Q: What does the future hold for Wallachia? Are there any more live shows or festivals being planned? Is there any material already written for next album? Roman Sayenko of Drudkh has been a friend to the band in the past, can we ever expect a Wallachia/Drudkh collaboration?
Lars: The main focus for Wallachia right now is to continue the work on what will become album number five, and the whole concept and thread for the songs has been ready since a while. And I am about halfway into the process at this moment. Actually I think you’ll be able to hear a little sample by the end of the year. All I can say that this is indeed very much a return to our musical and conceptual roots.
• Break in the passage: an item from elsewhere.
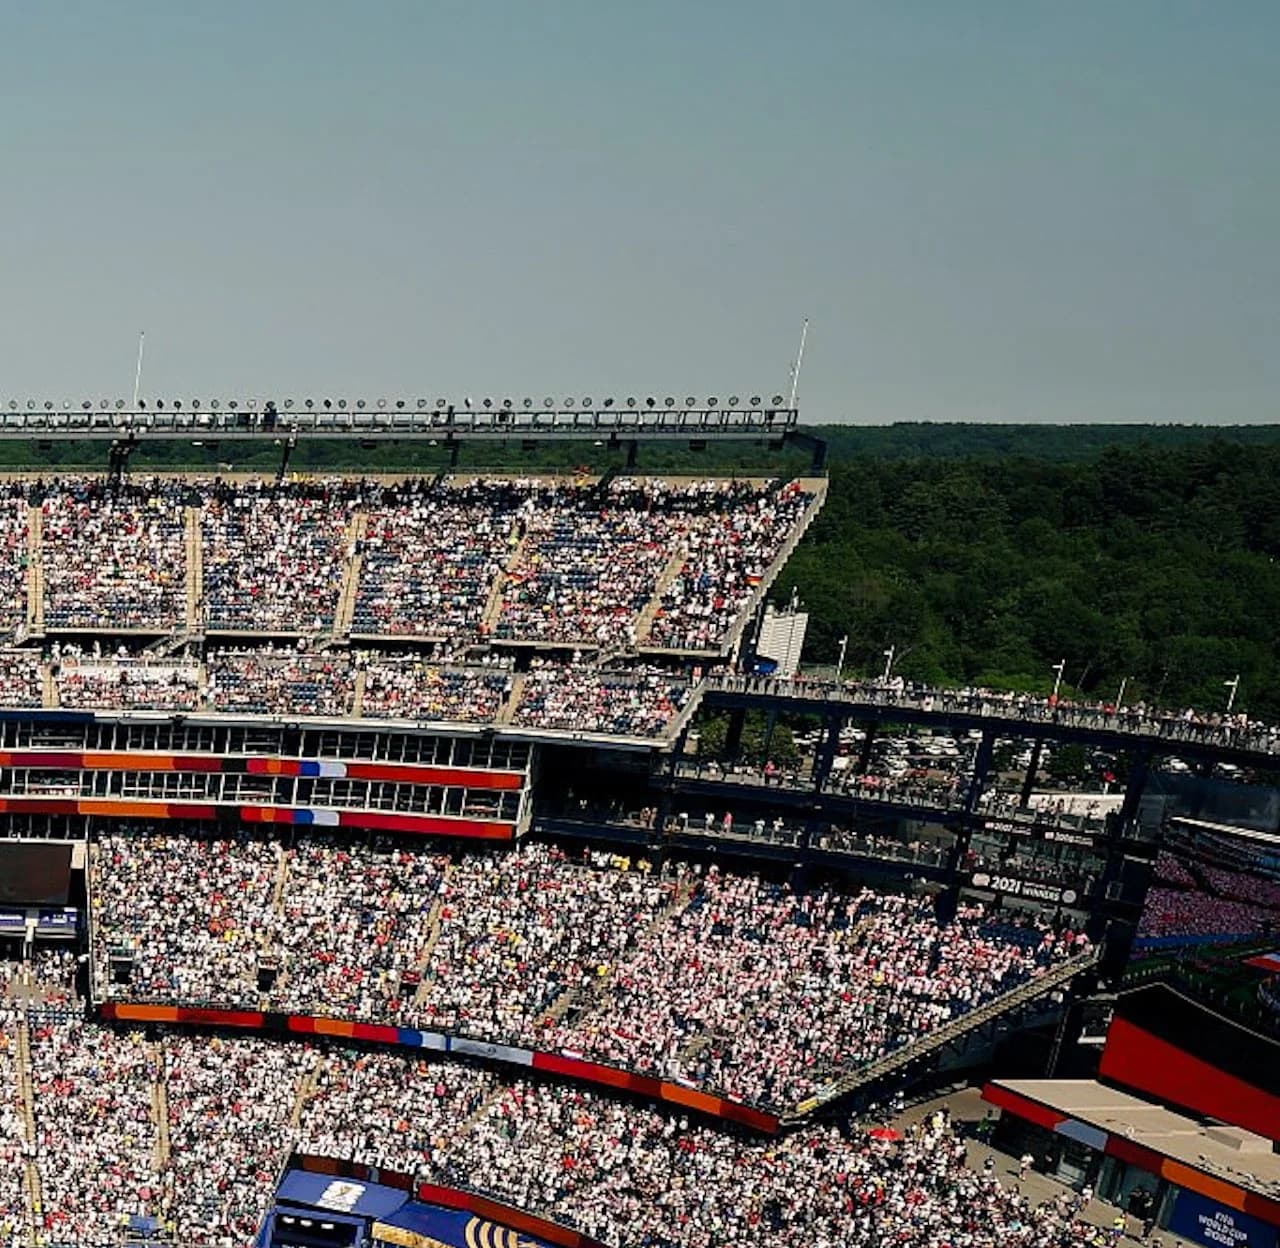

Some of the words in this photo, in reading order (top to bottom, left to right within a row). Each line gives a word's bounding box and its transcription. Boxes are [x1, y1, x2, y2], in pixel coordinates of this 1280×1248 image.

We already had some offers to play live here in Norway this year, but it was with too short notice for us to be able with the situation of being a long-distance based band. So yeah, maybe something will happen towards the fall and winter, that we’ll be able to do some gigs in a row and present both old and new material. I think we would need a handful of gigs just to prove that we exist beyond being just a studio-based project. So still we’re making babysteps with the live-part. As for Roman and Drudkh, it’s very true that he has been a key person in reviving Wallachia and helping us out in many ways, so I am eternally grateful for his support and help. We already talked about doing some collaboration with his medieval ambient solo-project Dark Ages, but I think the whole idea just washed away, and he’s been quite active with several bands so. We’ll see what the future brings. It would be great to have him as a guest too, just like we’ll continue our co-operation with Athelstan from Forefather in the future.
Thank you for your time Lars, it was a pleasure. I look forward to seeing what comes from Wallachia in the future, and if you guys ever find yourself playing in the United States, rest assured I will be in attendance.